Friday, July 28, 2017

Notes on Chekhov's "Little Trilogy" CHEKHOV WINKS AT TOLSTOY: (2) THE GOOD COUNTRY LIFE

CHEKHOV WINKS AT TOLSTOY: (2) The Good Country Life

One of Tolstoy’s obsessions throughout much of his life was his dream of good country living, surrounded by wife and family and in close communion with nature. He exalted this sort of life in both of his two major novels, War and Peace and Anna Karenina. Furthermore, he tried to live exactly such a life himself, on his country estate at Yasnaya Polyana. Tolstoy hated cities, trains, loved peasants and Mother Earth. But his attempts to find happiness in the good country life were never entirely successful. In the final pages of Anna Karenina the author’s alter ego Levin—despite his having achieved a happy family life and contentment on his country estate—is in constant depression and contemplates suicide on a daily basis.

Chekhov has a lot of fun taking Tolstoy’s themes and circumstances, then making a travesty of them. This is most obvious in the story “Gooseberries,” which depicts how the dream of good country living results in a man becoming a miser, then marrying a woman for her money, then practically starving her to death in his parsimony. All this so that he can buy a paltry little landed estate, where he vegetates out his life, being a pig, eating hard and sour gooseberries.

As if the take-off on Tolstoy were not clear enough, Chekhov makes an obvious allusion to one of Tolstoy’s short moralizing stories, “How Much Land Does A Man Need.” This is a parable about a peasant who is told he can buy very cheaply as much land as he can walk over in a given day. But the peasant is so greedy that he overstrains himself and dies of exhaustion at the very moment he is on the verge of acquiring a huge plot of land. The moral of a story and the answer of the question in the title: a man needs really only six feet of earth to be buried in.

Chekhov has one of his characters, Ivan Ivanovich, reply to Tolstoy. “They say man needs only six feet of earth. But it is a corpse, and not a man, who needs six feet . . . . these country estates are nothing but those same six feet of earth. To escape from the town, from the struggle, from the loud bustle of life, to escape and hunker down on a country estate is not life, but egoism, idleness . . . . It is not six feet of earth, not a country estate that man needs, but the whole globe, the whole of nature, where he will have room to display his personality and the individual characteristics of his free soul.”

Don’t make the mistake, however, of assuming that the above is Chekhov’s own personal reply to Tolstoy. That is not the way Chekhov writes fiction. Everything tends to cut two ways, and the authenticity of the above opinion is undercut, at least in part, by the fact that the blowhard melancholic Ivan Ivanovich is the person voicing it.

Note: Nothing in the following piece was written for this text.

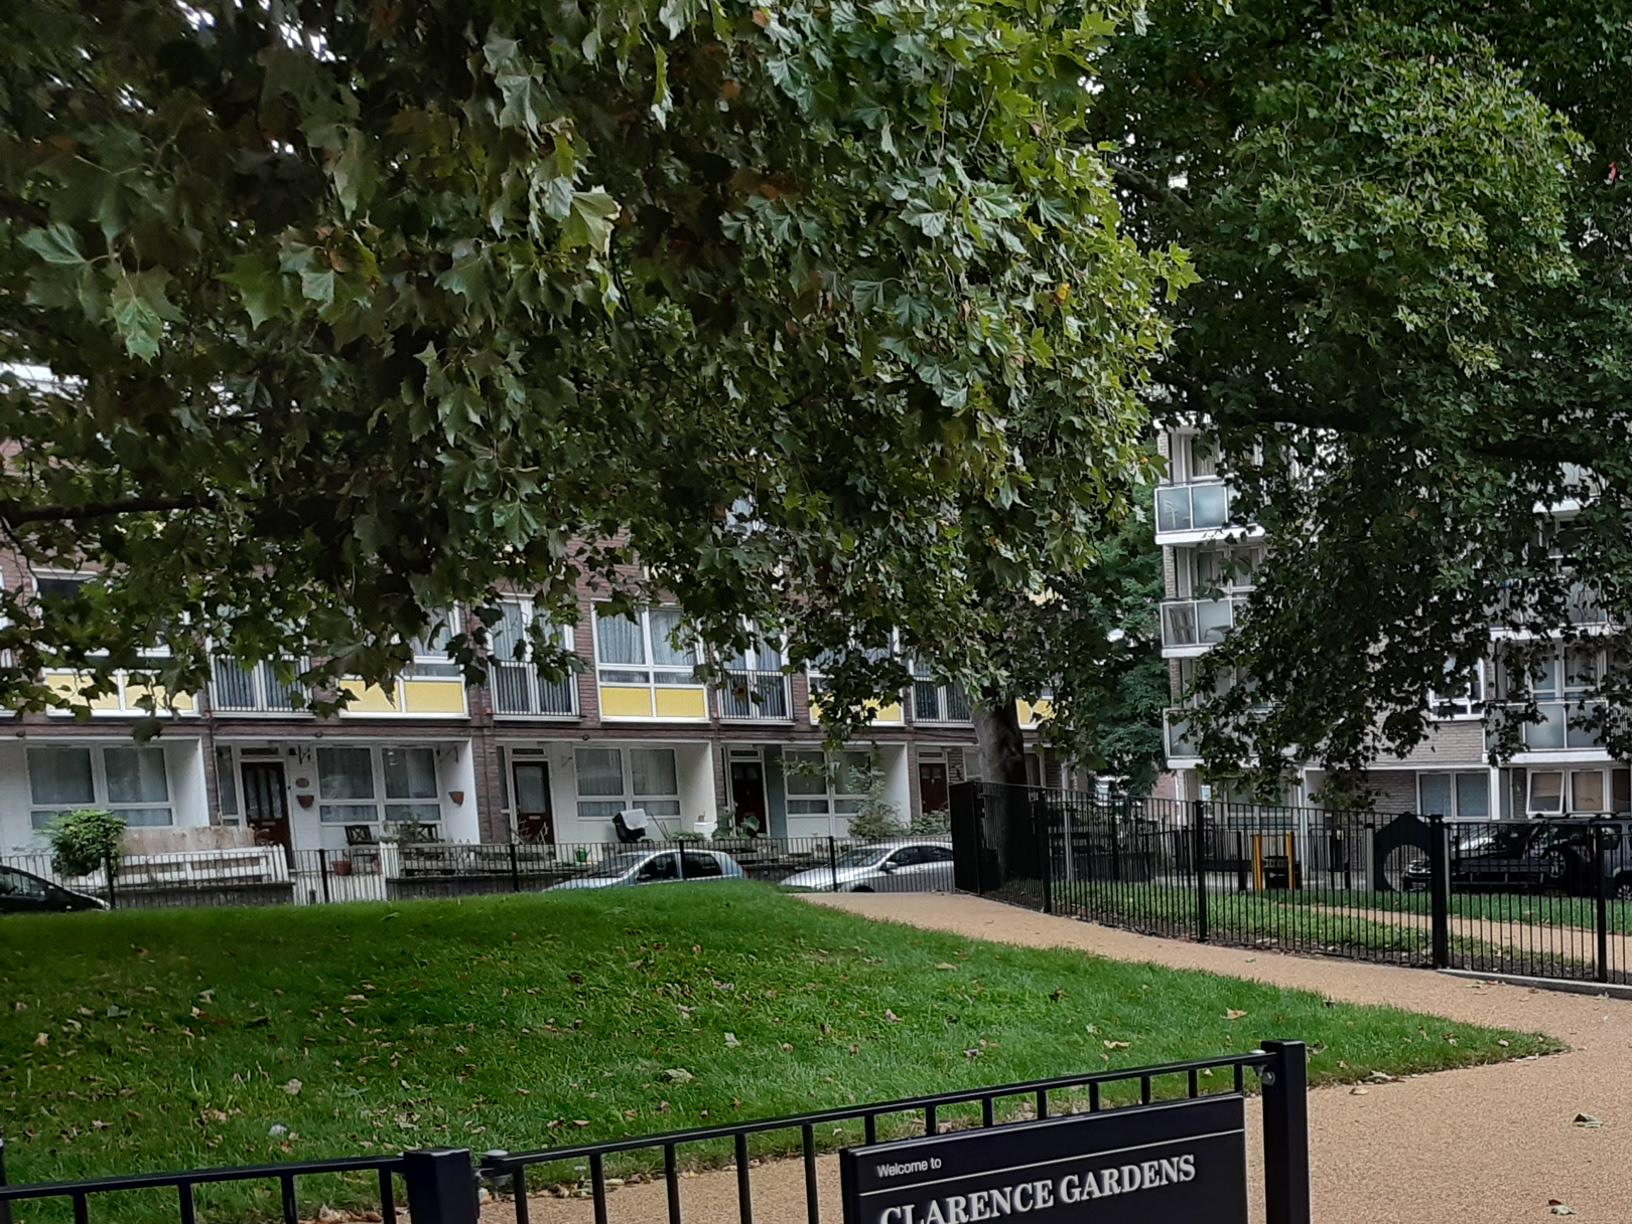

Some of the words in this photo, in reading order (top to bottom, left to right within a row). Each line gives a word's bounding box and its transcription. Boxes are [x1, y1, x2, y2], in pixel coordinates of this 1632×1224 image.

[877, 1160, 928, 1178] Welcome
[930, 1157, 942, 1169] to
[1059, 1155, 1197, 1204] GARDENS
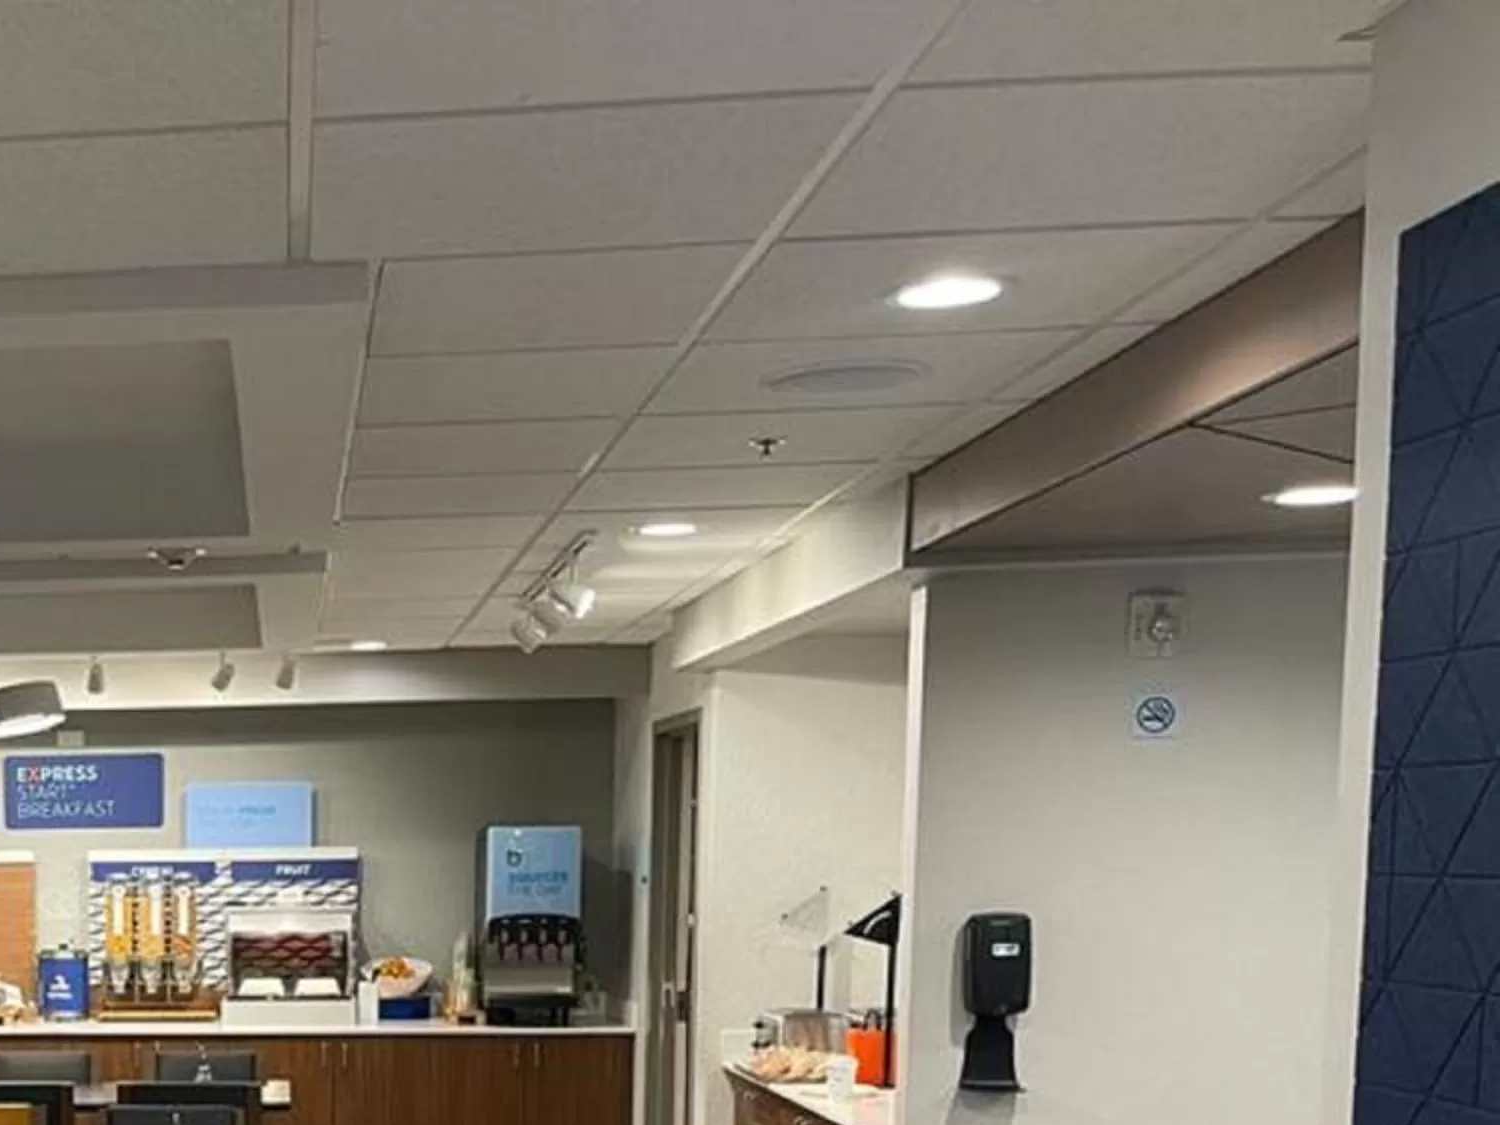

As we move on to the next story, “About Love,” the theme of good country living/or the lack thereof moves with us. Alyokhin the landowner in “About Love” is a travesty of Levin the landowner and alter ego of Tolstoy in Anna Karenina. One of the most famous scenes in all of Russian literature is the episode that depicts Levin out mowing with his peasants, exulting in the sweat of his brow. He tells his idle half brother that he has found a new therapy, known as Arbeitskur: the work cure.

But Alyokin is bored stiff living in the country. He works like a peasant only because he has no choice, but he finds the work exhausting and stultifying. He “ploughed, sowed and reaped” and felt “like a village cat driven by hunger to eat cucumbers in the kitchen garden.” So much for the Arbeitskur.

As for the little pokes at Tolstoy, especially at Anna Karenina, the list could be extended indefinitely. In an important episode in Tolstoy’s novel a man falls under a train at the station and is killed. Anna Karenina is present at this time, and the death haunts her for the rest of the novel. In Chekhov’s “Gooseberries” Ivan Ivanovich tells of a man who fell under a train; his leg was cut off. Taken away for treatment to the waiting room, the bloodied man pleads desperately for someone to find the leg: it had twenty rubles in the boot and he doesn’t want to lose his money.

Why all the literary poking at Tolstoy and his works? For one thing it’s fun. For another it takes Tolstoy’s literary works and subtly rewrites them, showing some of the multivaried possibilites for new works based on the same materials. Finally, it is a way Chekhov has of asserting: “I too am a writer, and I too can show you a thing or two about writing.” This is the age-old business of the competition between literary “fathers” and their literary “sons.”